The study used an EyeLink 1000 eye tracker (SR Research, Ottawa, Ontario, Canada) with a 35-mm lens (sampling rate = 500 Hz). Infants were seated 60 cm to 70 cm in front of the eye tracker (measured by the eye tracker). We used a 5-point calibration procedure, which sequentially displayed sound and video of colorful rings at all four corners and the center of the screen. Calibration accuracy was accessed via EyeLink validation procedures, which measured the error between the stimuli locations and the gaze location estimated through the calibration parameters. Moreover, to ensure eye-tracking accuracy throughout the experiment, we performed drift corrections every eight trials to recalibrate. For more experimental details, see the Supplemental Material.
Results
We averaged horizontal smooth-pursuit velocity to index infants’ perception of directional motion because of a close link between the perception of motion direction and smooth-pursuit eye movement (Banton & Bertenthal, 1996; Banton et al., 2001; Richards & Holley, 1999; Thier & Ilg, 2005). When directional motion is perceived, the velocity of eye movements matches the speed of motion signals (Pola & Wyatt, 1980). The dots moved at 8°/s; therefore, eye movements that represent the perception of the motion should be around 8°/s. However, eye movements include not only a directional-motion-perception-related component but also other components, such as drifting (< 1°/s), tremor (< 1°/s), OKN, and saccades (both > 10°/s), which are irrelevant to motion perception. To exclude these irrelevant eye-movement components and focus on motion-perception-related eye movement, we used a speed filter to extract the eye movement around the speed of motion. Specifically, we created a filtering window around 8°/s with 1°/s variance (7°/s–9°/s) to retain the motion-related speed and exclude other aspects of the eye movements. After the filtering window was applied, only the time points where the relative motion was within the filter range were included. All other time points (e.g., those that had saccades) were removed by the filter. This filtering was performed on the basis of the speed of eye movement in both the left and right directions. We assigned the leftward eye-movement velocity as negative and the rightward eye-movement velocity as positive. Then, the filtered eye-movement velocity was averaged across the entire 2-s motion presentation period. The dependent variable (DV) was the sum of the velocity of all included data points divided by the total number of the included points. If there were no biases in an infant’s directional eye movements, the DV was close to 0°/s. If the eye movements were biased toward the right, the DV was positive. If all data points were leftward eye movement, the DV was negative.

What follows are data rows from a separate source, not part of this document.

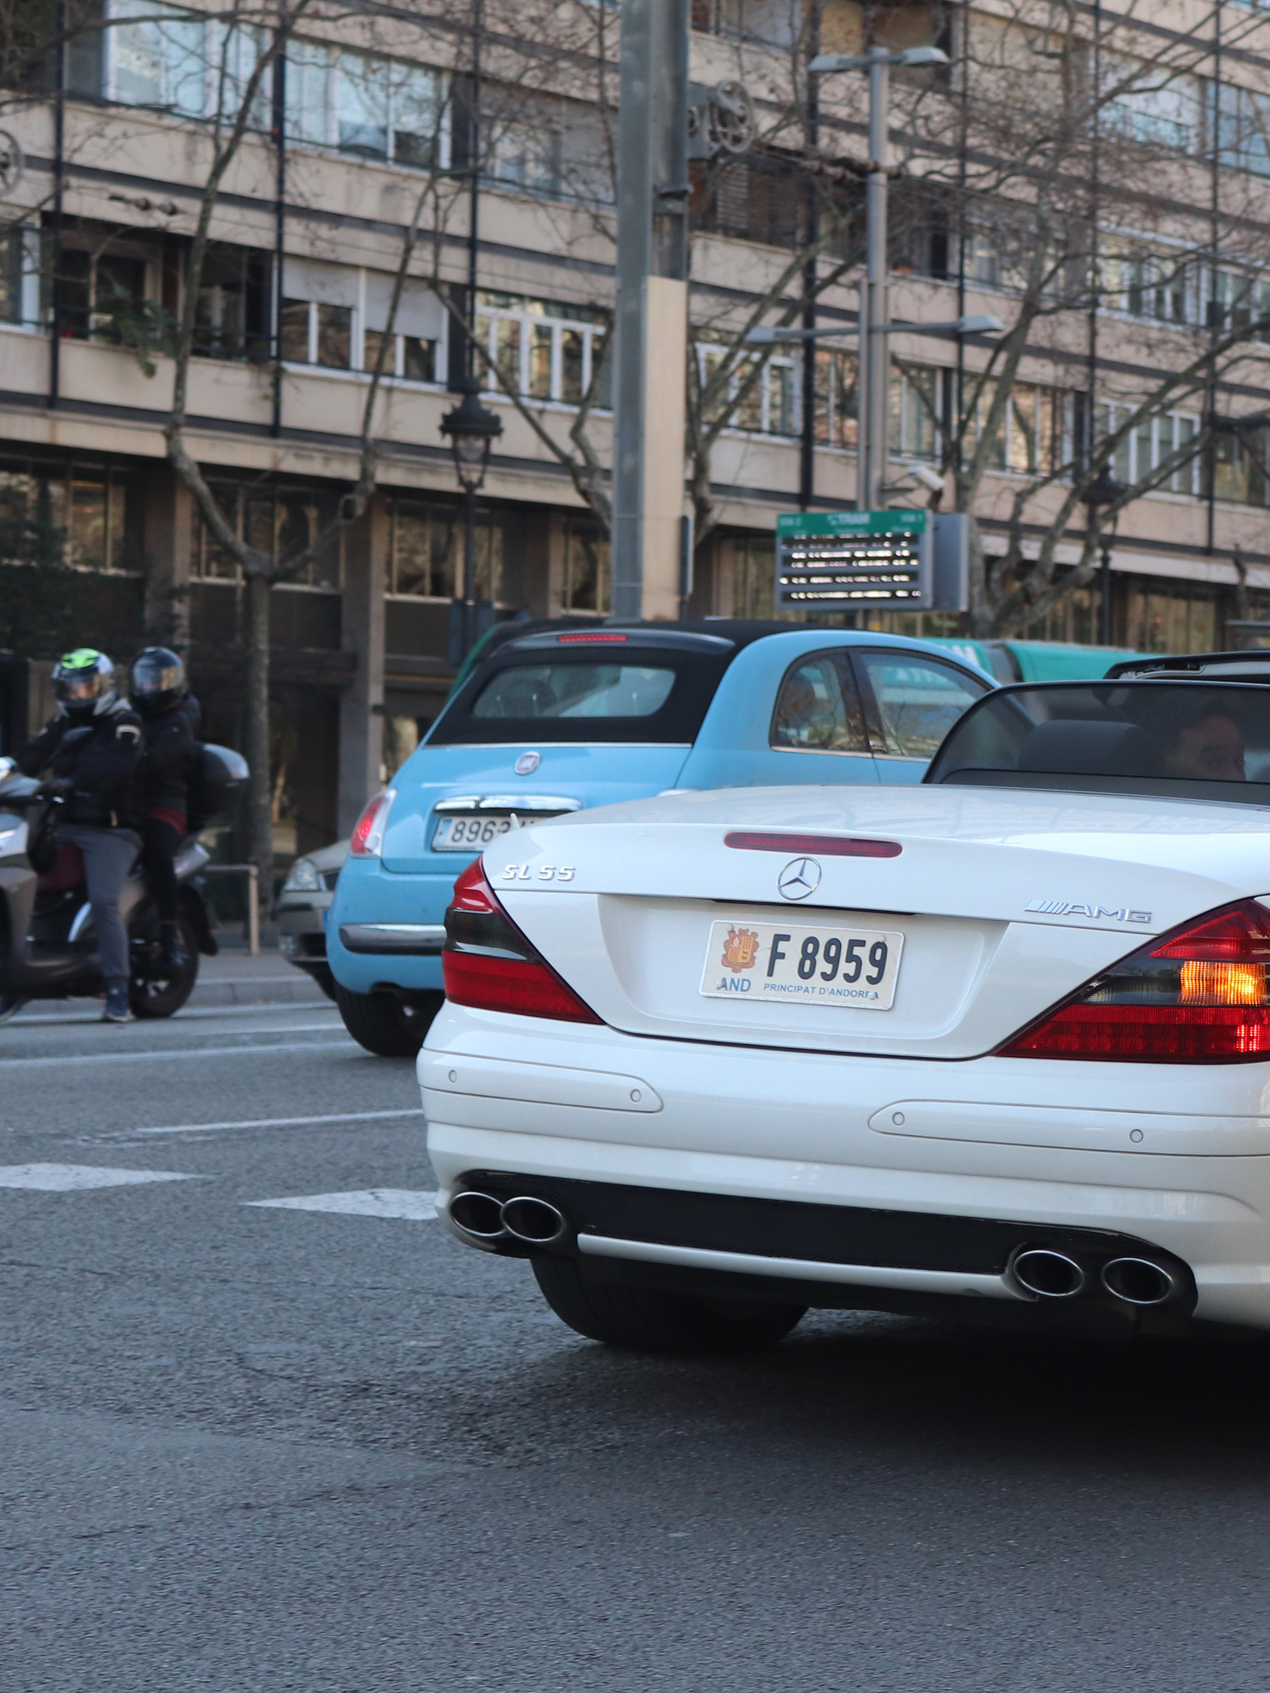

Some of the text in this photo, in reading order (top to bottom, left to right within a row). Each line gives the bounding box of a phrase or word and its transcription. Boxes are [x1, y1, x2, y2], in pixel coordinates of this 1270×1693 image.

[501, 864, 576, 882] SL 55
[1062, 903, 1153, 924] AMG
[766, 934, 888, 985] F 8959
[717, 977, 752, 992] AND
[763, 983, 817, 995] PRINCIPAT

We used the default velocity algorithm from EyeLink’s DataViewer software (Version 2.6.1) to estimate eye-movement velocity. First, it calculated the directional changes in eye-movement coordinates by subtracting the horizontal coordinate (in pixels) at a given data point from that of the previous data point (Xt – Xt − 1). Then, coordinates changes (in pixels) were converted to changes in visual angles with the distance between participants’ eyes and the screen (in millimeters), the screen size (in millimeters), and the screen resolution (in pixels). The resultant velocity measure was further smoothed by averaging the velocities of the previous nine data points and those of the following nine data points. To derive the DV (average eye-movement velocity), we averaged the velocity of each data point across the 2-s window of motion display (i.e., from the onset to the offset of motion presentation).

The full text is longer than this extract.